There is a similar question, but it doesn't have a real answer nor an MCVE and is far more specific.
Doesn't complete:
public class ThreadWhileTesting {
private static boolean wait = true;
private static final Runnable runnable = () -> {
try {Thread.sleep(50);} catch (InterruptedException ignored) {}
wait = false;
};
public static void main(String[] args) {
wait = true;
new Thread(runnable).start();
while (wait); // THIS LINE IS IMPORTANT
}
}
Does complete:
public class ThreadWhileTesting {
private static boolean wait = true;
private static final Runnable runnable = () -> {
try {Thread.sleep(50);} catch (InterruptedException ignored) {}
wait = false;
};
public static void main(String[] args) {
wait = true;
new Thread(runnable).start();
while (wait) {
System.out.println(wait); // THIS LINE IS IMPORTANT
}
}
}
I suspect that the empty while gets optimized by the Java compiler, but I am not sure. If this behavior is intended, how can I achieve what I want? (Yes, active waiting is intented since I cannot use locks for this test.)

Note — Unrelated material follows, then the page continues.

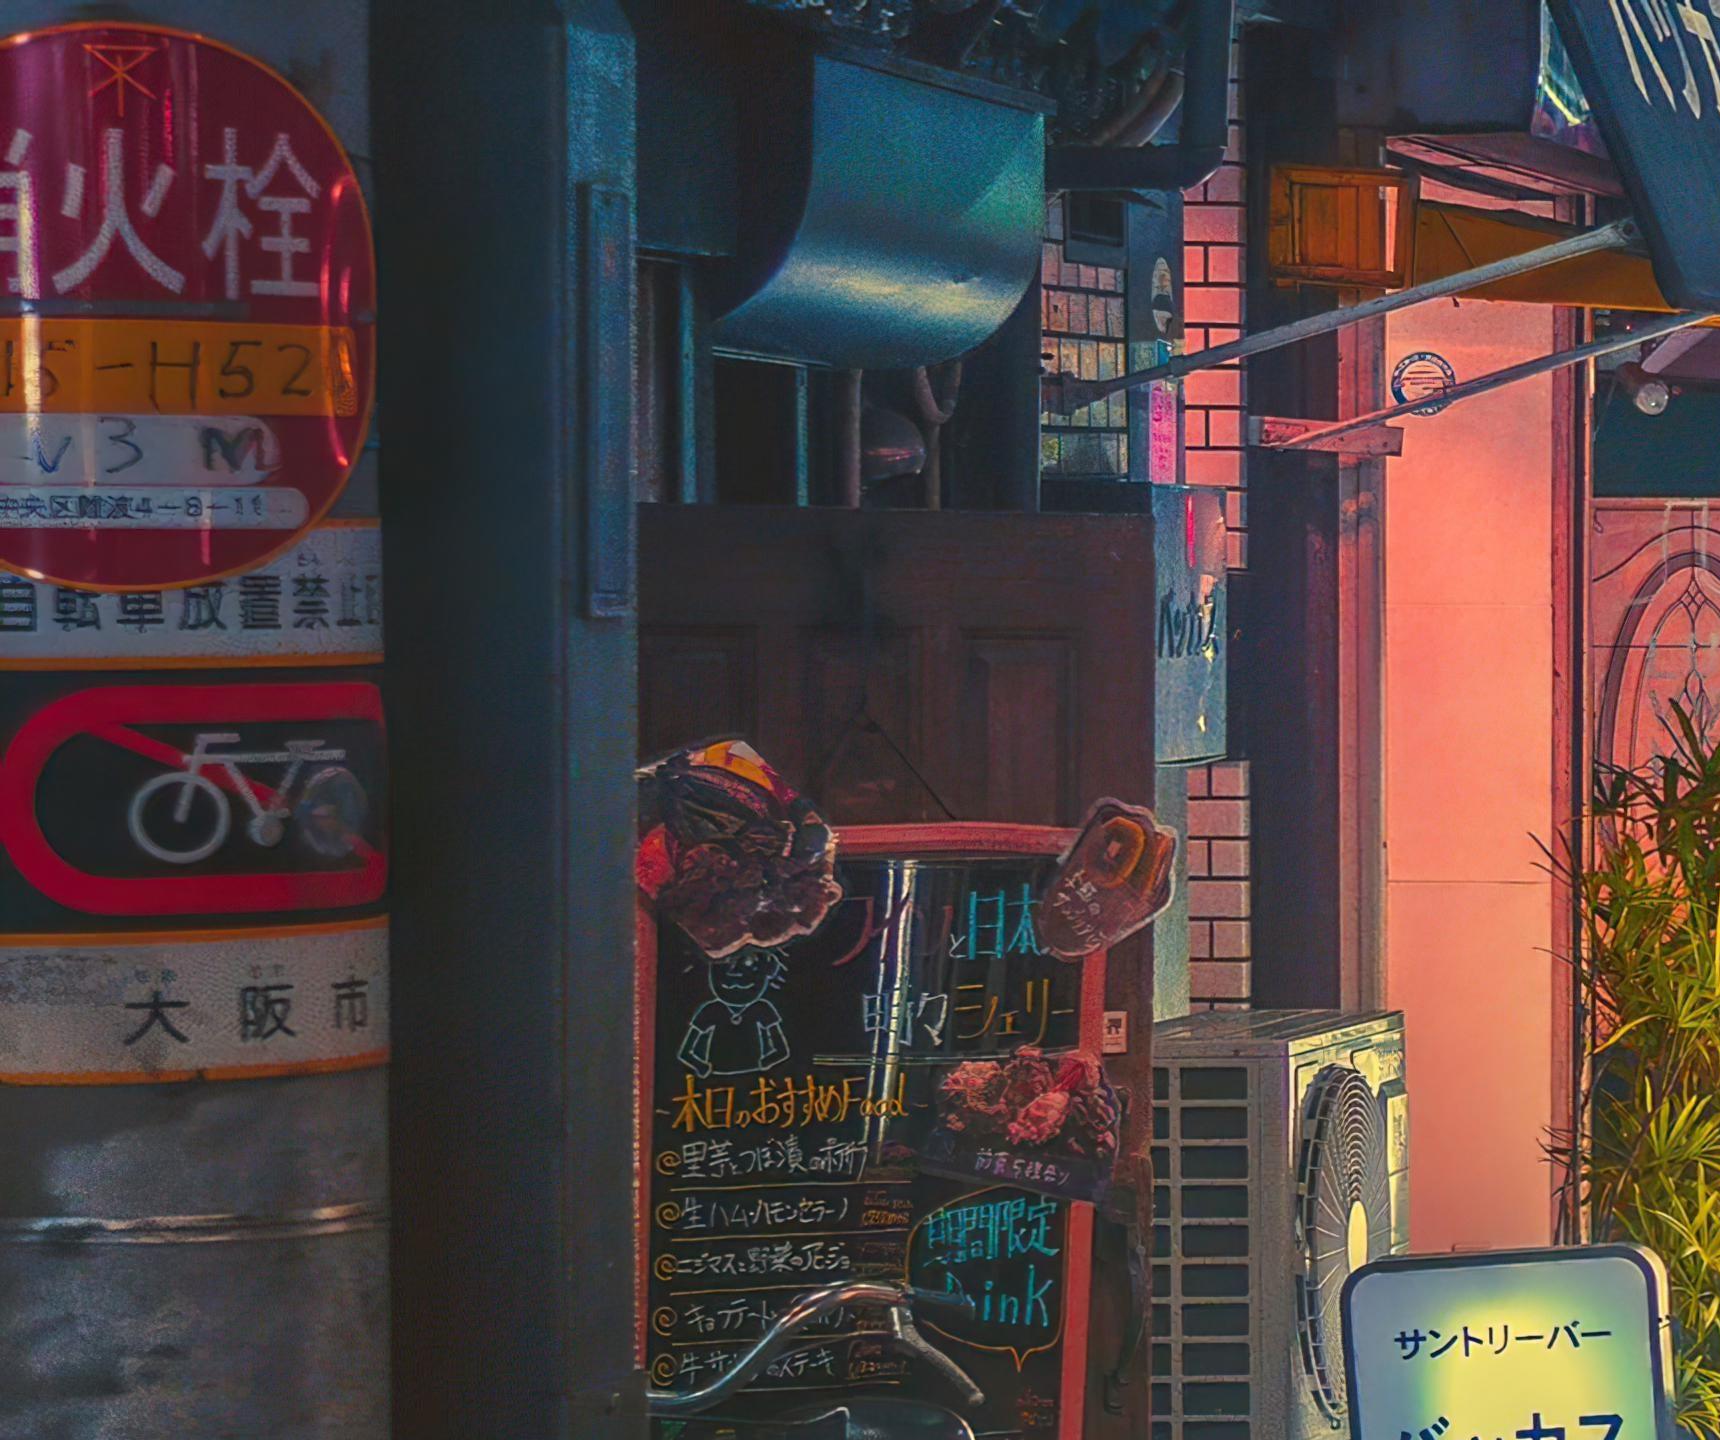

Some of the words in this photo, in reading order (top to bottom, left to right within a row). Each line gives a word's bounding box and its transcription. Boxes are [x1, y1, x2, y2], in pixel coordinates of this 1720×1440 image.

[124, 978, 371, 1046] 大阪市
[1394, 1319, 1612, 1360] サントリーバー

wait isn't volatile and the loop body is empty, so the thread has no reason to believe it will change. It is JIT'd to
if (wait) while (true);
which never completes if wait is initially true.
The simple solution is just to make wait volatile, which prevents JIT making this optimization.
As to why the second version works: System.out.println is internally synchronized; as described in the JSR133 FAQ:
Before we can enter a synchronized block, we acquire the monitor, which has the effect of invalidating the local processor cache so that variables will be reloaded from main memory.
so the wait variable will be re-read from main memory next time around the loop.
However, you don't actually guarantee that the write of the wait variable in the other thread is committed to main memory; so, as #assylias notes above, it might not work in all conditions. (Making the variable volatile fixes this also).

The short answer is that both of those examples are incorrect, but the second works because of an implementation artifact of the System.out stream.
A deeper explanation is that according to the JLS Memory Model, those two examples have a number of legal execution traces which give unexpected (to you) behavior. The JLS explains it like this (JLS 17.4):
A memory model describes, given a program and an execution trace of that program, whether the execution trace is a legal execution of the program. The Java programming language memory model works by examining each read in an execution trace and checking that the write observed by that read is valid according to certain rules.
The memory model describes possible behaviors of a program. An implementation is free to produce any code it likes, as long as all resulting executions of a program produce a result that can be predicted by the memory model.
This provides a great deal of freedom for the implementor to perform a myriad of code transformations, including the reordering of actions and removal of unnecessary synchronization.
In your first example, you have one thread updating a variable and a second thread updating it with no form of synchronization between the tro threads. To cut a (very) long story short, this means that the JLS does not guarantee that the memory update made by the writing thread will every be visible to the reading thread. Indeed, the JLS text I quoted above means that the compiler is entitled to assume that the variable is never changed. If you perform an analysis using the rules set out in JLS 17.4, an execution trace where the reading thread never sees the change is legal.
In the second example, the println() call is (probably) causing some serendipitous flushing of memory caches. The result is that you are getting a different (but equally legal) execution trace, and the code "works".
The simple fix to make your examples both work is to declare the wait flag as volatile. This means that there is a happens-before relationship between a write of the variable in one thread and a subsequent read in another thread. That in turn means that in all legal execution traces, the result of the write will be visible to to the readin thread.
This is a drastically simplified version of what the JLS actually says. If you really want to understand the technical details, they are all in the spec. But be prepared for some hard work understanding the details.